-- DATA TO PROCESS follows --

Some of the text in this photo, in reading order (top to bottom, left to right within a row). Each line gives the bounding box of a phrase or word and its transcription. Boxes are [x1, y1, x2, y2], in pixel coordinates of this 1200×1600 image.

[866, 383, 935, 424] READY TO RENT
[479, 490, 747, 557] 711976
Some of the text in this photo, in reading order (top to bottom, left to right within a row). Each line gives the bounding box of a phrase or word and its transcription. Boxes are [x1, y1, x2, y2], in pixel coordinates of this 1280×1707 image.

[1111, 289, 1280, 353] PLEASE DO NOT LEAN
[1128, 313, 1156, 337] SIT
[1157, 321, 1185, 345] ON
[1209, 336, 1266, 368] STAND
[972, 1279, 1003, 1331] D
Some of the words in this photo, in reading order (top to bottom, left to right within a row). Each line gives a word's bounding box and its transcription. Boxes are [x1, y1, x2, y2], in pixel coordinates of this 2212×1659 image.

-- DATA TO PROCESS concluded --

▶ **REQUIREMENT**
Please repeat each line from the one with "this 1280×1707 image." through the last line of the data above, and add nothing.

▶ **ANSWER FOR THIS EXERCISE**
Some of the text in this photo, in reading order (top to bottom, left to right within a row). Each line gives the bounding box of a phrase or word and its transcription. Boxes are [x1, y1, x2, y2], in pixel coordinates of this 1280×1707 image.

[1111, 289, 1280, 353] PLEASE DO NOT LEAN
[1128, 313, 1156, 337] SIT
[1157, 321, 1185, 345] ON
[1209, 336, 1266, 368] STAND
[972, 1279, 1003, 1331] D
Some of the words in this photo, in reading order (top to bottom, left to right within a row). Each line gives a word's bounding box and its transcription. Boxes are [x1, y1, x2, y2], in pixel coordinates of this 2212×1659 image.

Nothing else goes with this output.